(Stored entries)
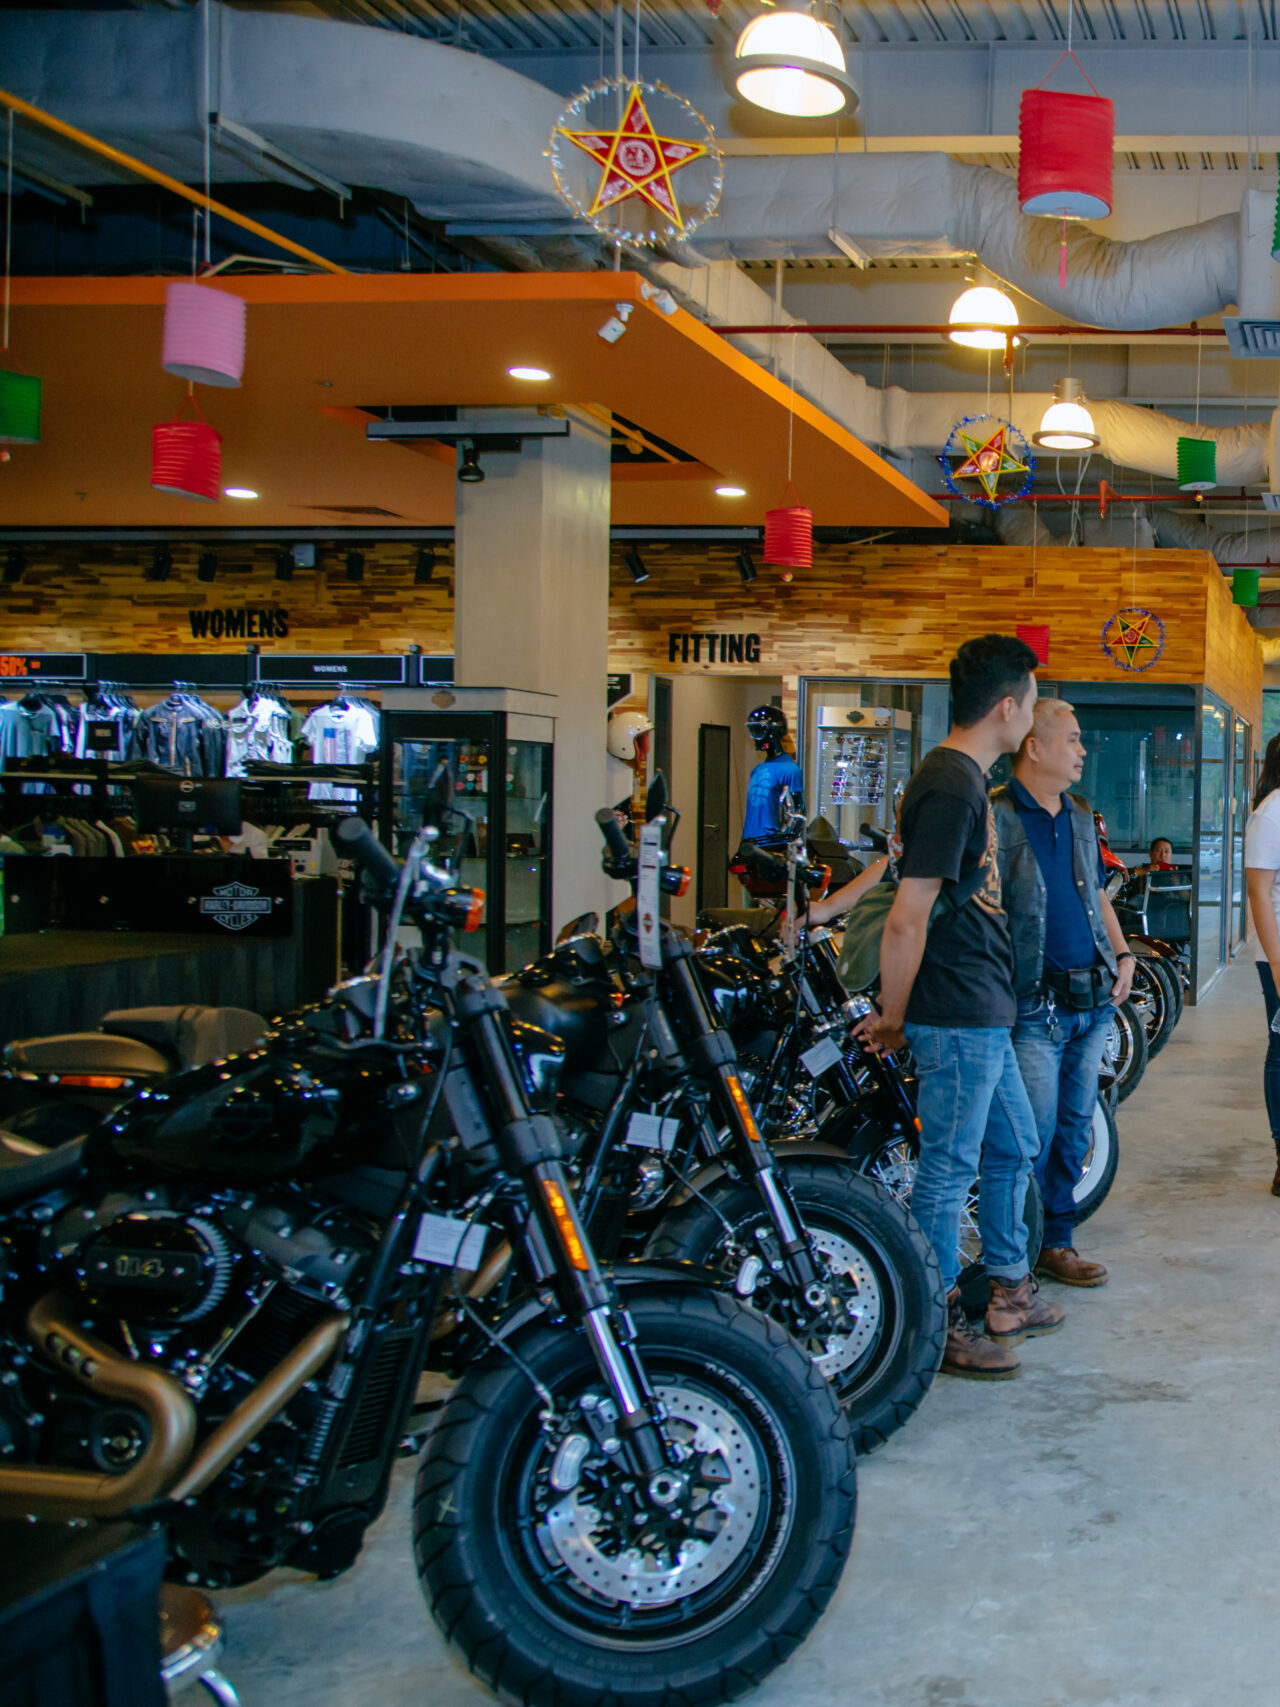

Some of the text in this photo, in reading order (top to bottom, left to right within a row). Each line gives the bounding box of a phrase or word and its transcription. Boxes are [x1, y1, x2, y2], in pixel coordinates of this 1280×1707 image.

[188, 608, 289, 638] WOMENS
[669, 633, 760, 663] FITTING
[0, 656, 28, 676] 50%
[313, 665, 348, 673] WOMENS

- **Task to carry out**
Every line of the data above is to be set down word for word, with the pictures left out.

- **Task response**
Some of the text in this photo, in reading order (top to bottom, left to right within a row). Each line gives the bounding box of a phrase or word and its transcription. Boxes are [x1, y1, x2, y2], in pixel coordinates of this 1280×1707 image.

[188, 608, 289, 638] WOMENS
[669, 633, 760, 663] FITTING
[0, 656, 28, 676] 50%
[313, 665, 348, 673] WOMENS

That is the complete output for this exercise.